== Assignment ==
The listing below is to be written out word for word, minus its images.
*** Record extracts ***
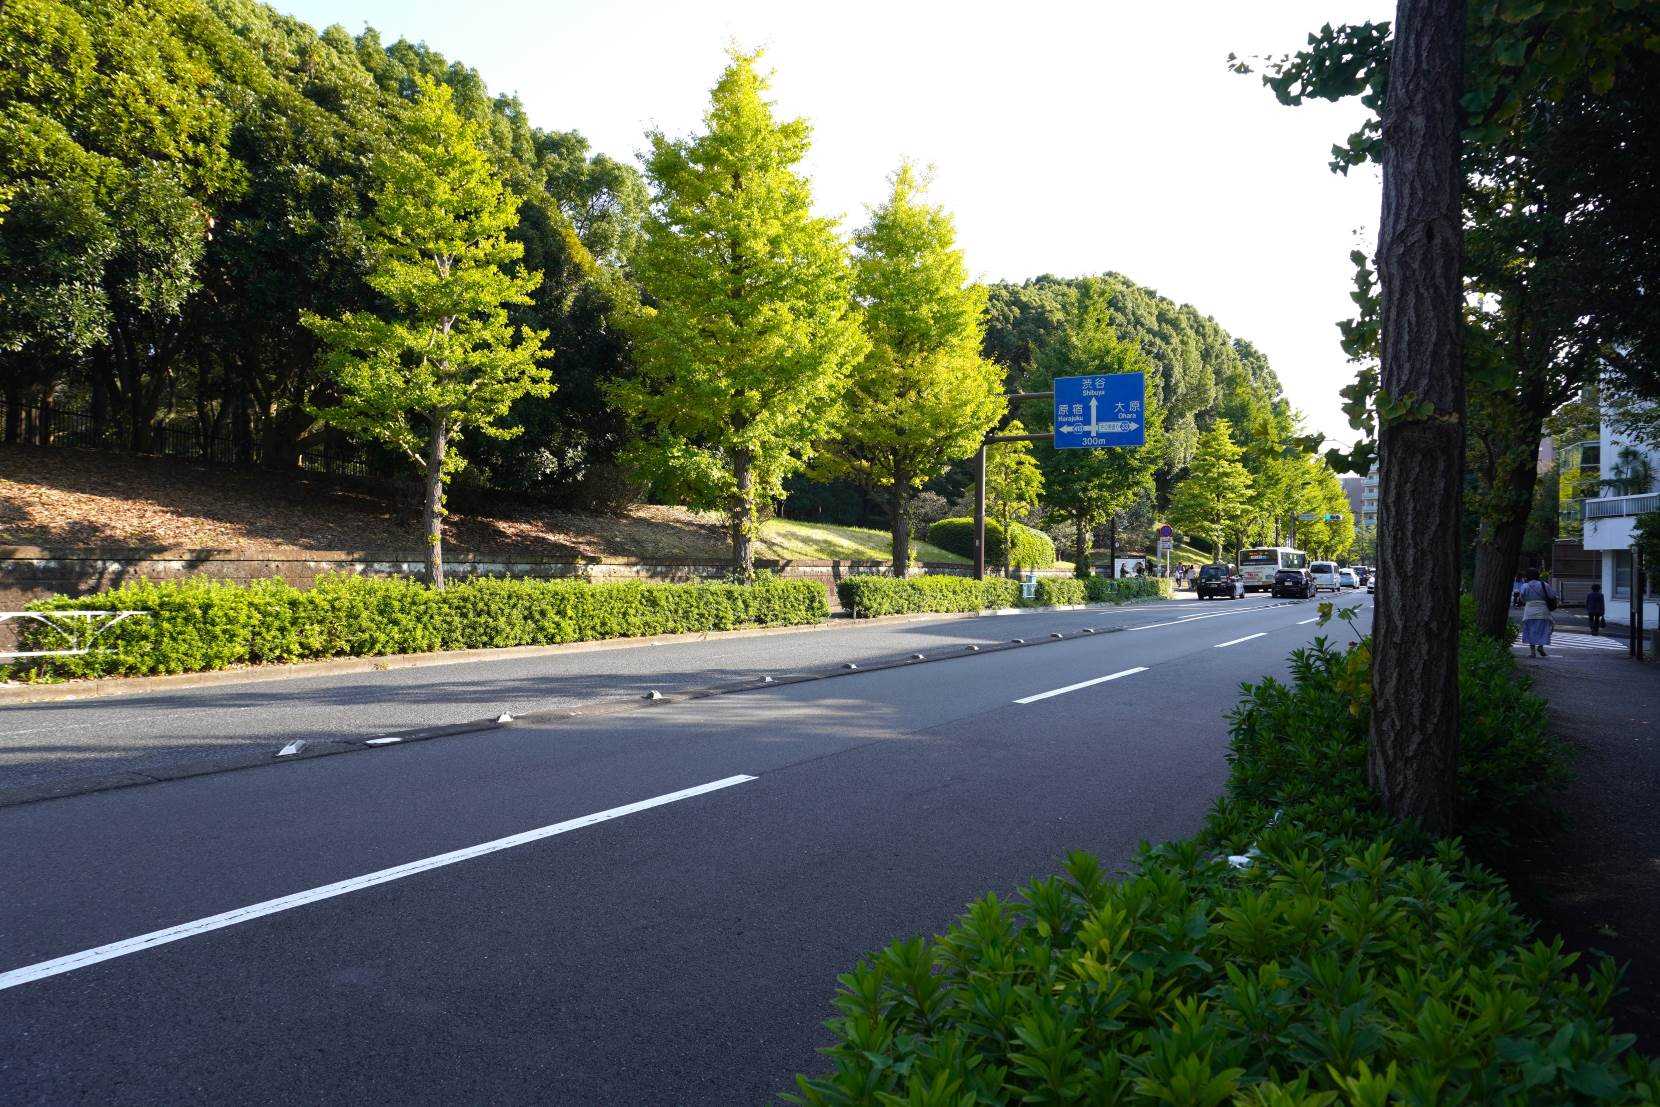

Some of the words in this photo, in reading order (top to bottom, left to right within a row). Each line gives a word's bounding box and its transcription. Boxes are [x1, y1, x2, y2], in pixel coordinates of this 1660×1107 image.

[1082, 378, 1106, 389] 渋谷
[1058, 404, 1083, 415] 原宿
[1114, 401, 1140, 413] 大原
[1082, 437, 1106, 446] 300m
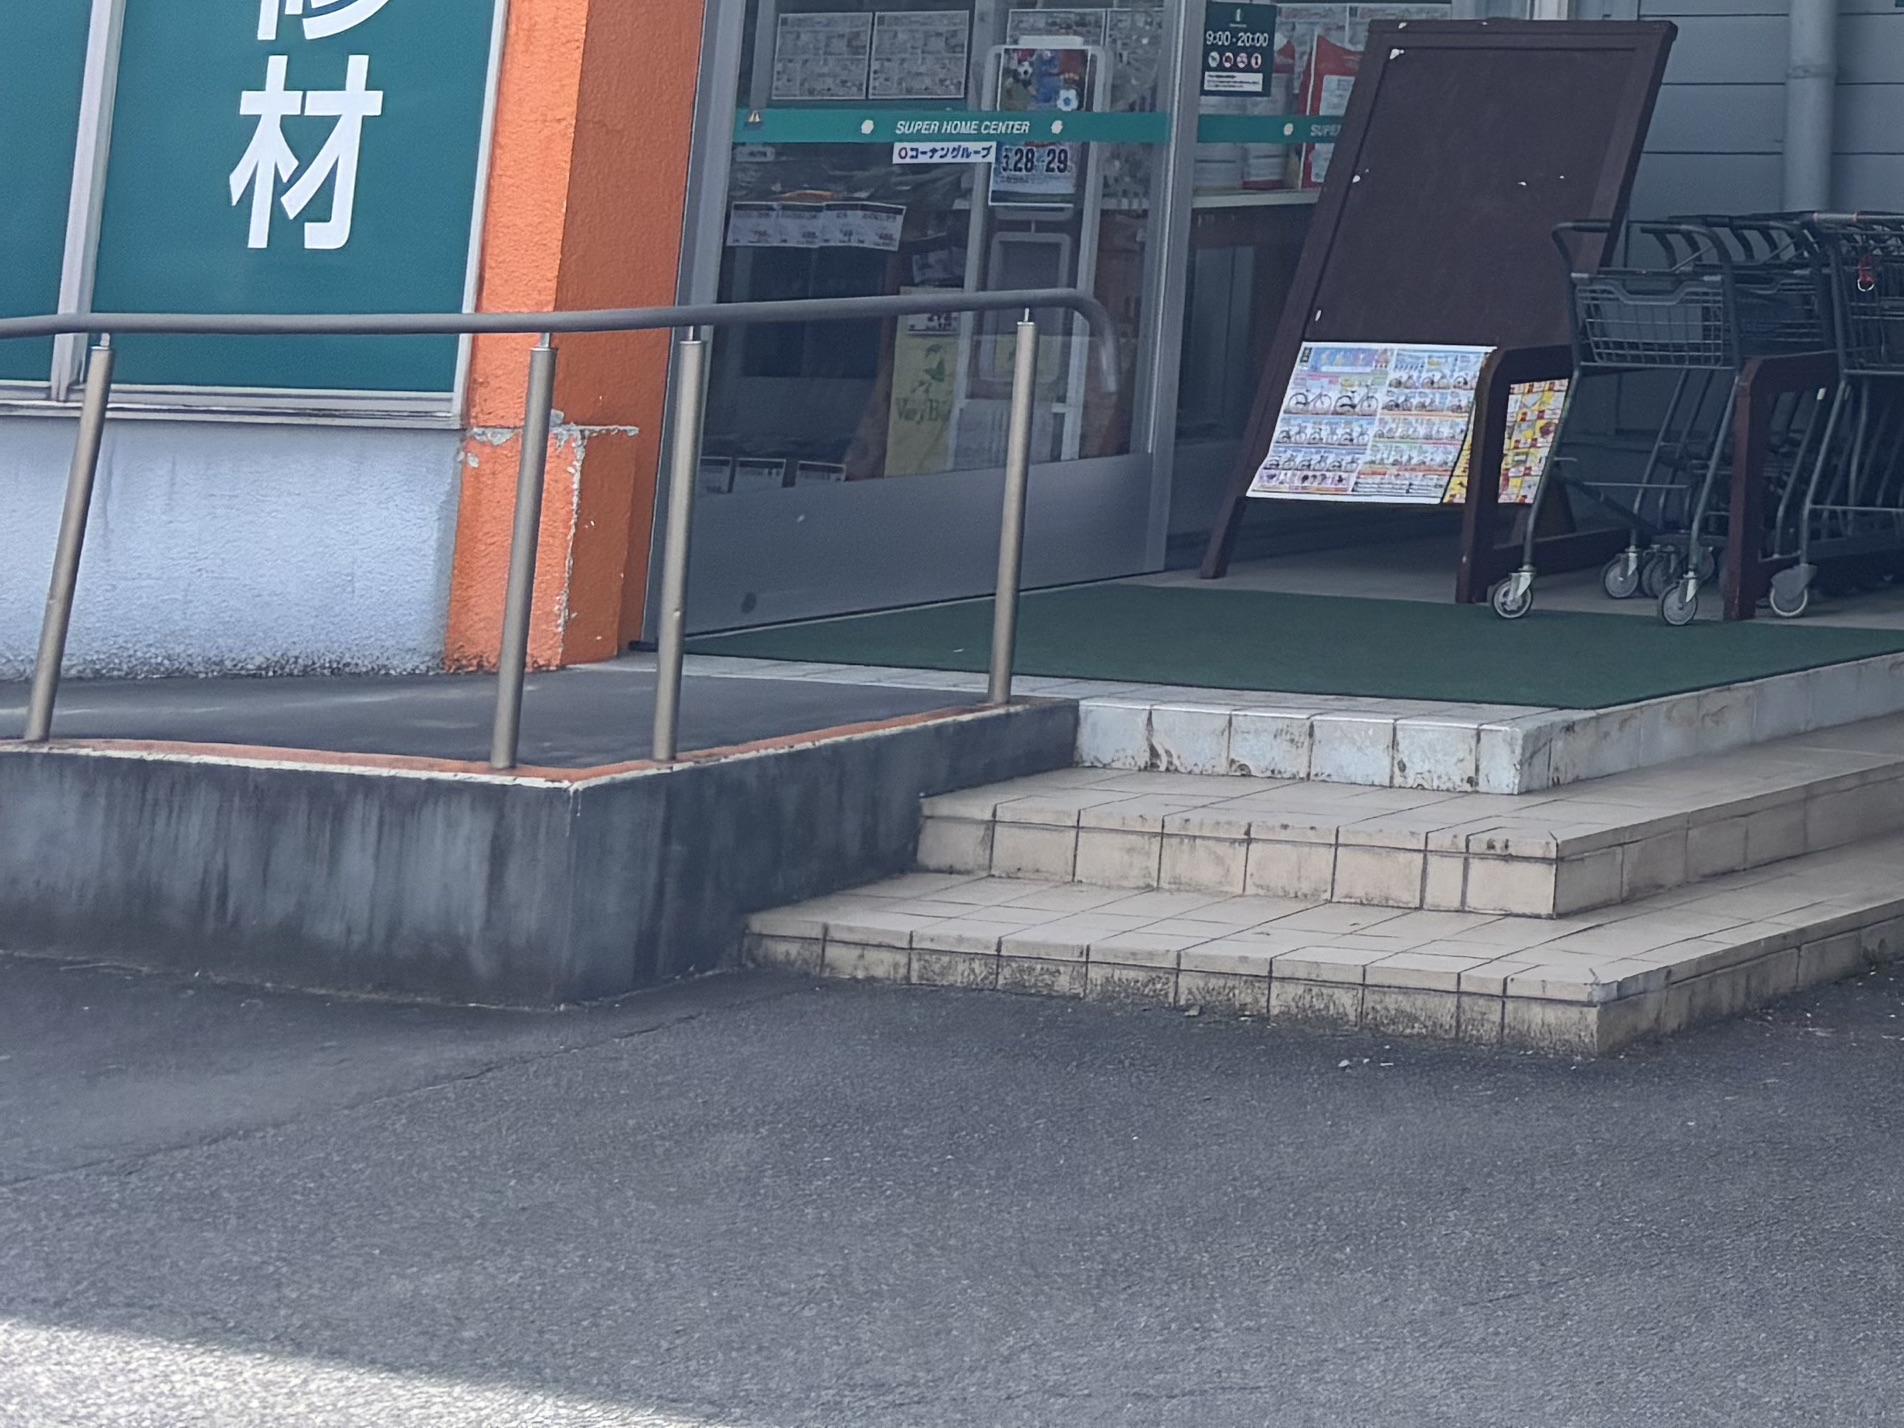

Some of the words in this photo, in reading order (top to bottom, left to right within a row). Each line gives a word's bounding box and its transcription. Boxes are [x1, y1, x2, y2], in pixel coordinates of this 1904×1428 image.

[895, 121, 938, 134] SUPER
[941, 121, 979, 134] HOME
[981, 120, 1030, 134] CENTER
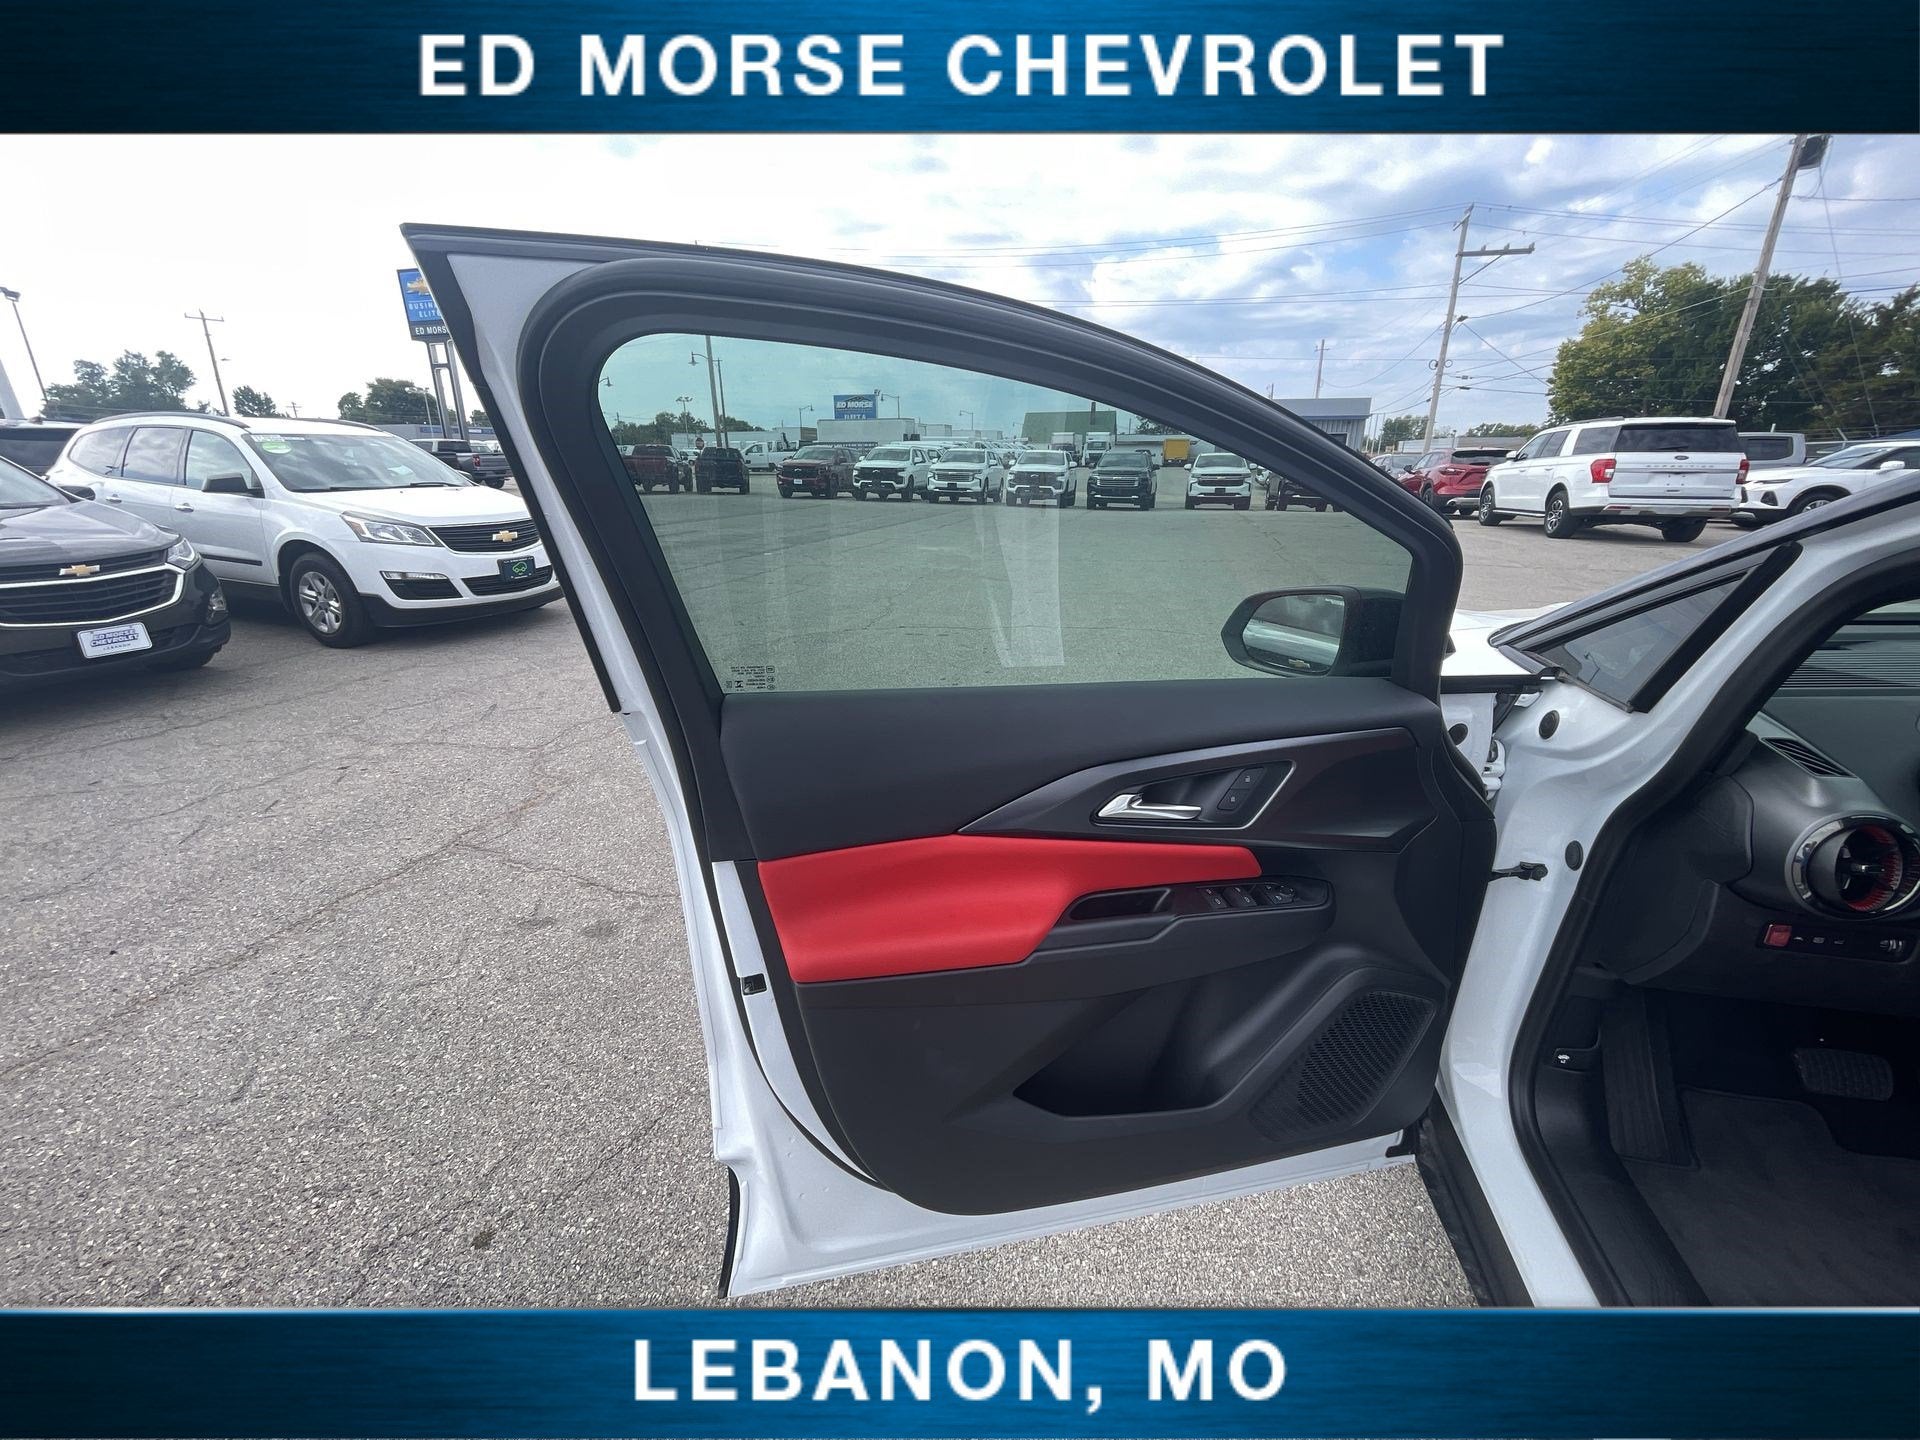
***
== Answer below ==
Some of the words in this photo, in reading order (top to bottom, left to right within a row). Each line gives a word's bounding box and its transcription. Boxes are [x1, y1, x2, y2], in pixel coordinates of this 1660×1107 image.

[1082, 378, 1106, 389] 渋谷
[1058, 404, 1083, 415] 原宿
[1114, 401, 1140, 413] 大原
[1082, 437, 1106, 446] 300m

Some of the words in this photo, in reading order (top to bottom, left to right within a row). Each line gives a word's bounding box and its transcription. Boxes are [x1, y1, x2, y2], in pixel coordinates of this 1904×1428 image.

[895, 121, 938, 134] SUPER
[941, 121, 979, 134] HOME
[981, 120, 1030, 134] CENTER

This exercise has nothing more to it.